Repository with all code related to the OCR meme generator neural network
Step 1) Working on OCR to recognize lettering in memes
Step 2) Set up nn
Step 3) Feed several memes to nn
A good guide to learning how to train tesseract with new font:
https://michaeljaylissner.com/posts/2012/02/11/adding-new-fonts-to-tesseract-3-ocr-engine/#create-training-documents
Tesseract needs to be trained on the standard training data provided by tesseract for better accuracy in OCR. (Long, arduous process)
The "Standard training text" folder contains all relevant tiff files needed to box train tesseract one page at a time.
"meme-test" contains all meme training data from Abet.tiff in the "Letters png" folder.
A suggestion to start would be to remove all diacritics (symbols) from the standard training text to aid with ease of training.
/usr/local/share/tessdata must contain .traineddata. The trained data used in this case is meme.traineddata (incomplete training data from the standard training data provided by tesseract for Impact outline).
Tested so far using two outdated memes with varying levels of white.
Open up terminal:
$ export TESSDATA_PREFIX=/usr/local/share/tessdata/
Check to make sure the TESSDATA_PREFIX is set correctly
$ echo $TESSDATA_PREFIX
Attempted image pre-processing has yielded some results. From tests, sharpening of a higher quality processed image causes OCR to detect diacritics where there are none (this will be addressed later in the readme). Lower quality images require higher thresholds and wavelet-denoise values.

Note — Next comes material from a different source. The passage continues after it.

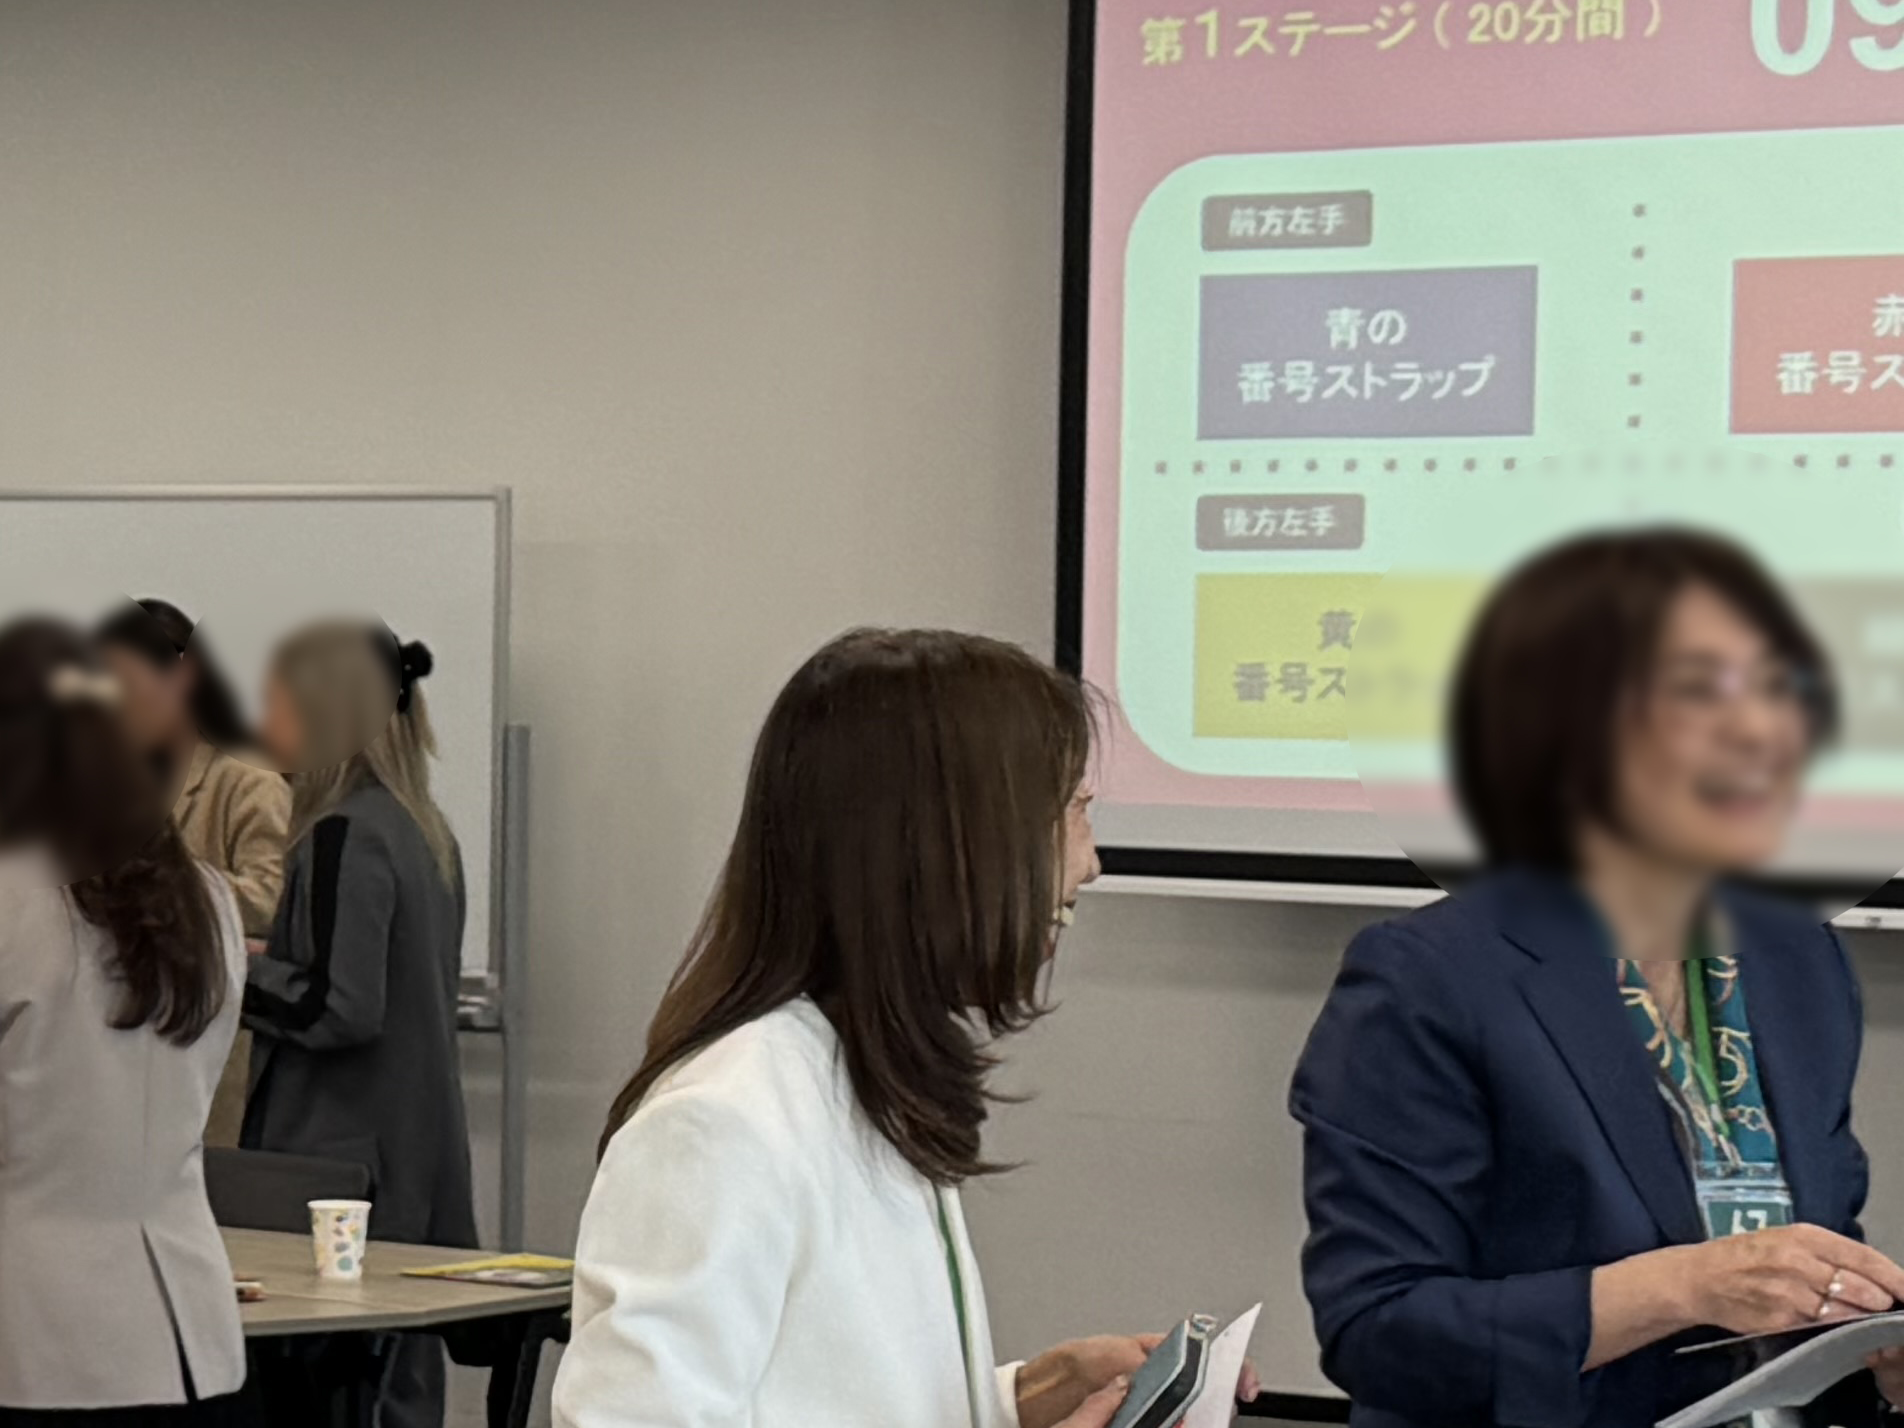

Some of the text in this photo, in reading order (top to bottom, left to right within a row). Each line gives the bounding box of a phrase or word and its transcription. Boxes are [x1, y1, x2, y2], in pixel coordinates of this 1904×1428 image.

[1228, 203, 1345, 237] 前方左手
[1325, 306, 1408, 350] 青の
[1237, 353, 1496, 404] 番号ストラップ
[1223, 505, 1338, 538] 後方左手

After setting up TESSDATA_PREFIX, we take our source image test1.jpg and grayscale it, turn off alpha channels and resize it 400%. We set the units to PixelsPerInch and density to 300 to prevent tesseract from complaining about resolution.
$ convert test1.jpg -type Grayscale -alpha Off -resize 400% -units PixelsPerInch -density 300 test1gray.jpg
$ convert test1gray.jpg -threshold 50% -alpha Off -units PixelsPerInch -density 300 -wavelet-denoise 60% test1meme.jpg
$ tesseract test1meme.jpg stdout -l meme -c tessedit_char_whitelist=ABCDEFGHIJKLMNOPQRSTUVWXYZ
$ tesseract test1meme.jpg output1.txt -l meme -c tessedit_char_whitelist=ABCDEFGHIJKLMNOPQRSTUVWXYZ
contains the result of the OCR on test1.jpg.
A similar process may be followed for test2.jpg which is a lower quality image and has a few different terminal commands to be OCR-readable.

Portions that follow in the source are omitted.